Text-to-region grounding data:
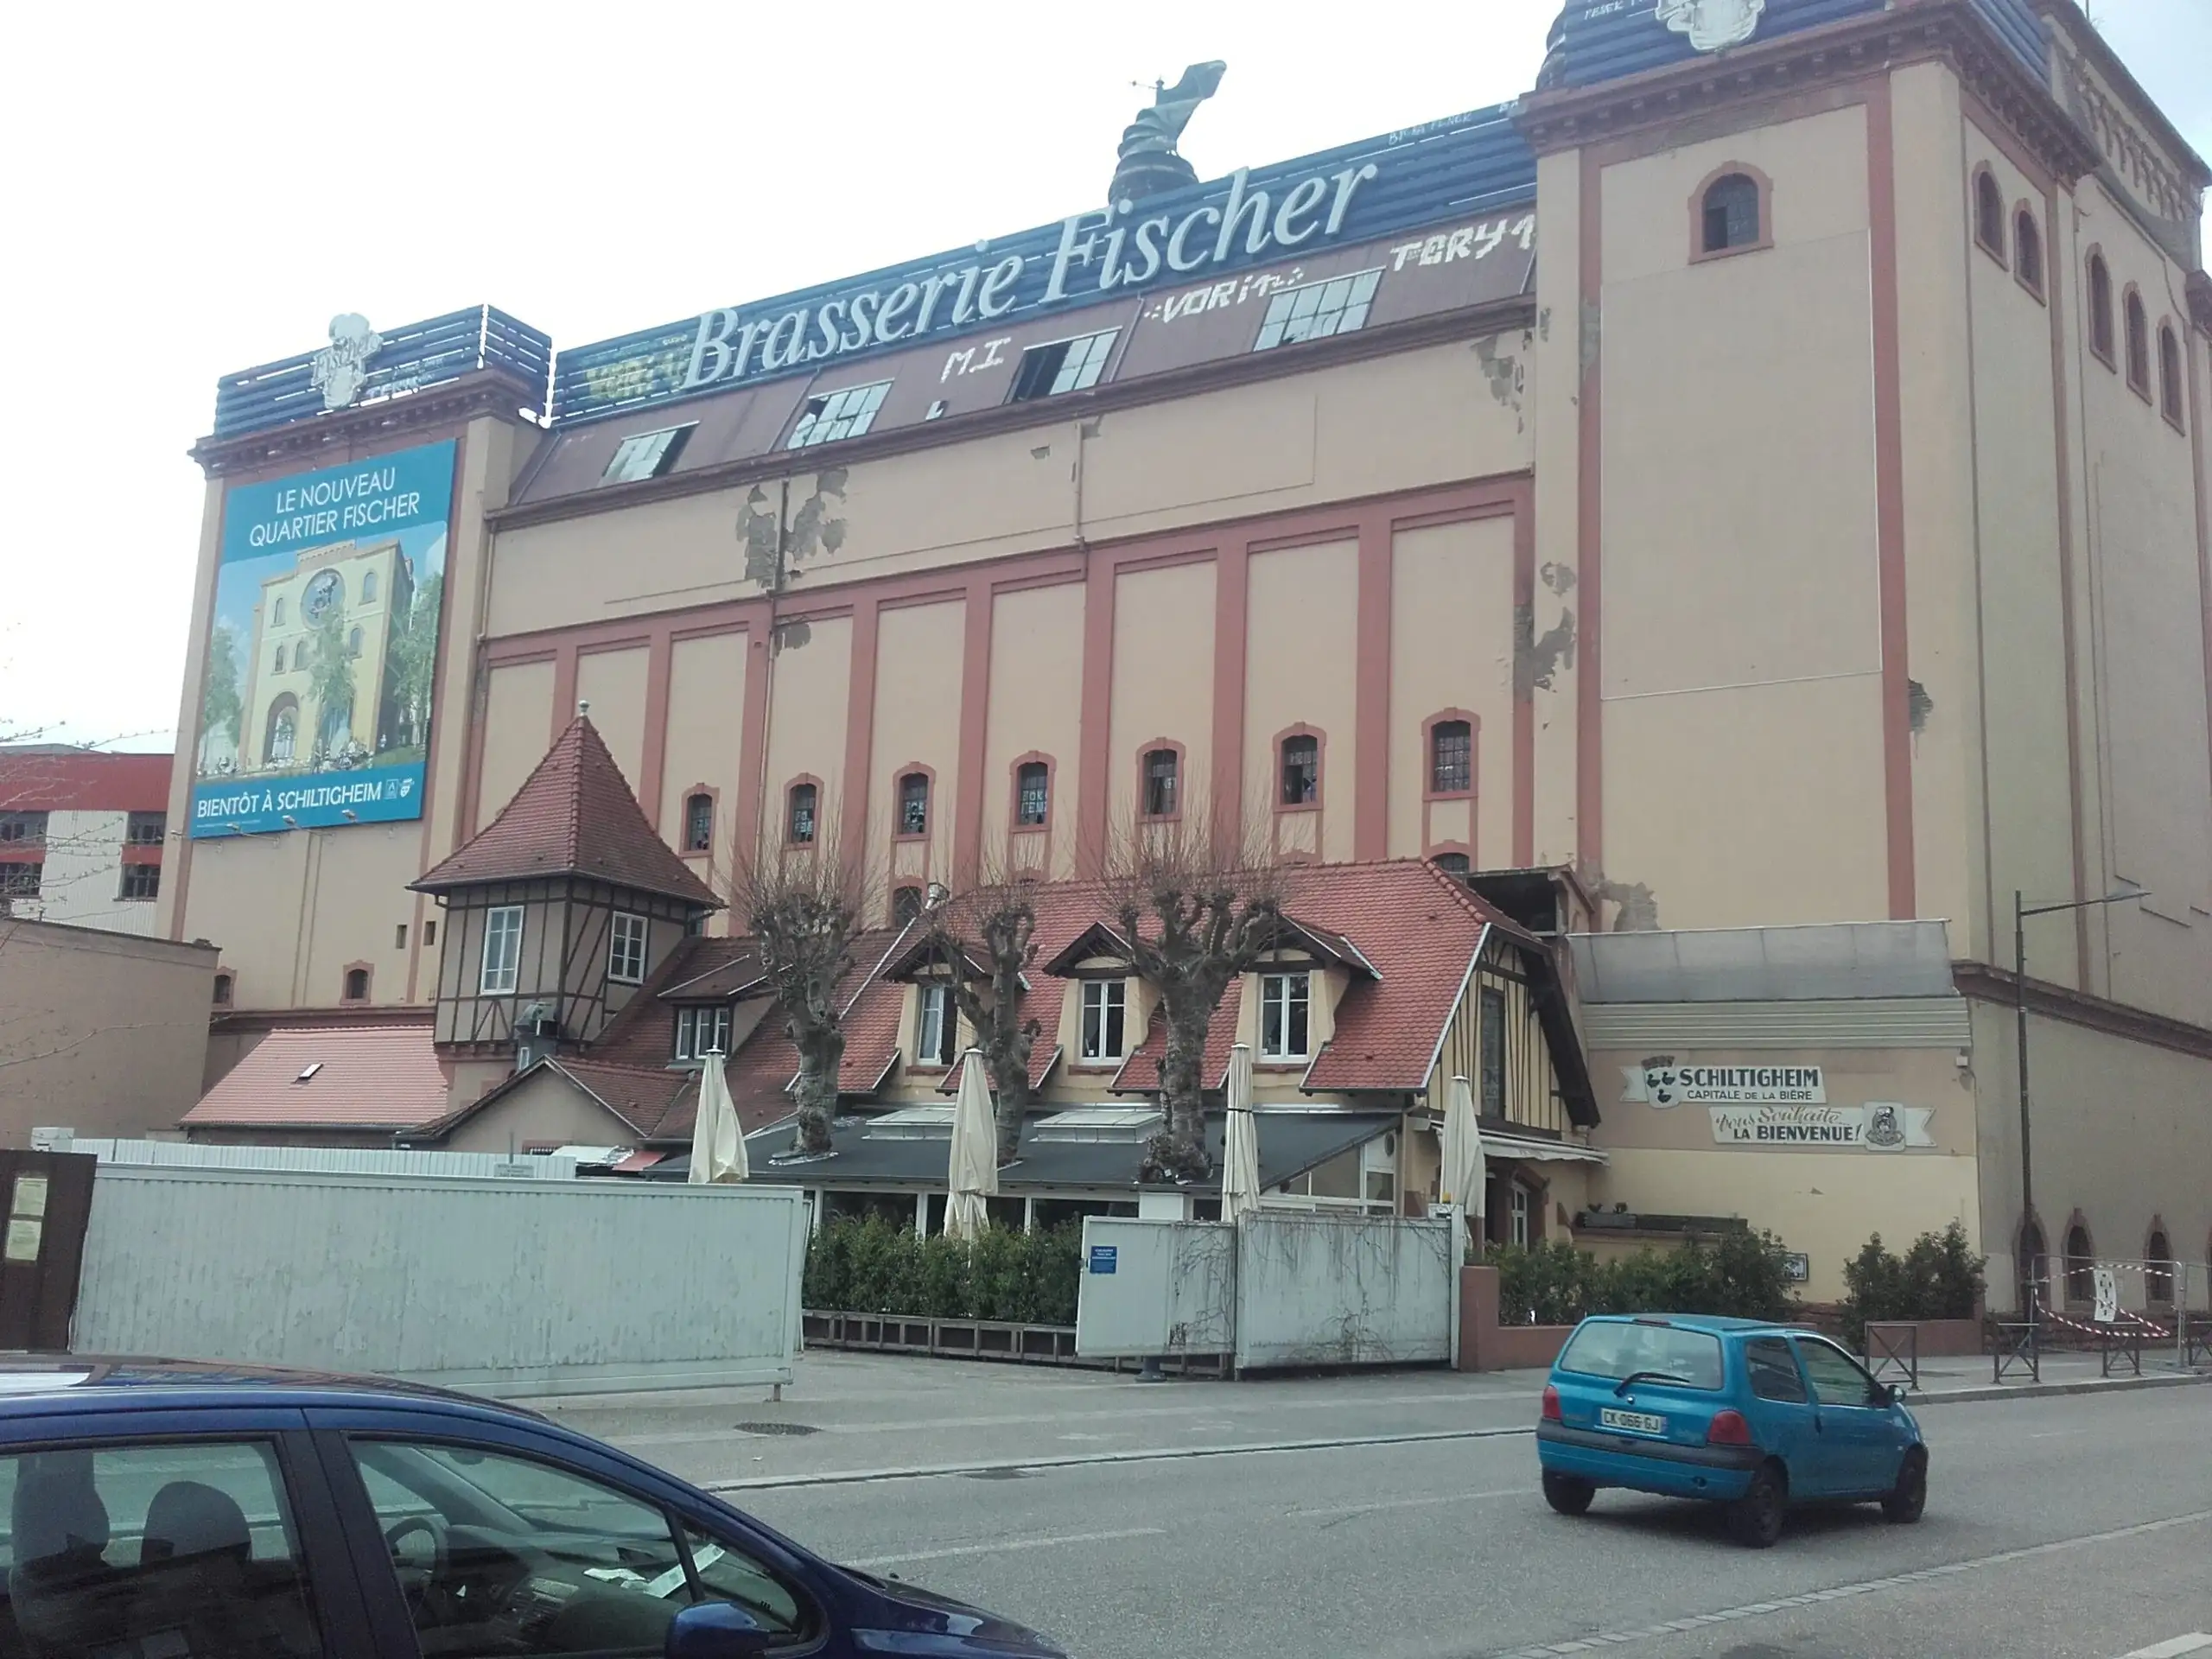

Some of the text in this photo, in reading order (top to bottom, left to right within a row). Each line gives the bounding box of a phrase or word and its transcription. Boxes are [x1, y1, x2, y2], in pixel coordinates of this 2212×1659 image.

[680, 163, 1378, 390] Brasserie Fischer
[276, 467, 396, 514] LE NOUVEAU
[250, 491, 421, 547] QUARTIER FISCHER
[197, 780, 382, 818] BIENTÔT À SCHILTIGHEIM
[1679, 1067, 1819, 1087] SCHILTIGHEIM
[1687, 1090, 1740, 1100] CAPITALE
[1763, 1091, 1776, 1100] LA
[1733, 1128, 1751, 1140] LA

#### About this exercise
Your task is to set down every entry exactly, leaving out any picture it contains.

#### Solution to the exercise
Some of the text in this photo, in reading order (top to bottom, left to right within a row). Each line gives the bounding box of a phrase or word and its transcription. Boxes are [x1, y1, x2, y2], in pixel coordinates of this 2212×1659 image.

[680, 163, 1378, 390] Brasserie Fischer
[276, 467, 396, 514] LE NOUVEAU
[250, 491, 421, 547] QUARTIER FISCHER
[197, 780, 382, 818] BIENTÔT À SCHILTIGHEIM
[1679, 1067, 1819, 1087] SCHILTIGHEIM
[1687, 1090, 1740, 1100] CAPITALE
[1763, 1091, 1776, 1100] LA
[1733, 1128, 1751, 1140] LA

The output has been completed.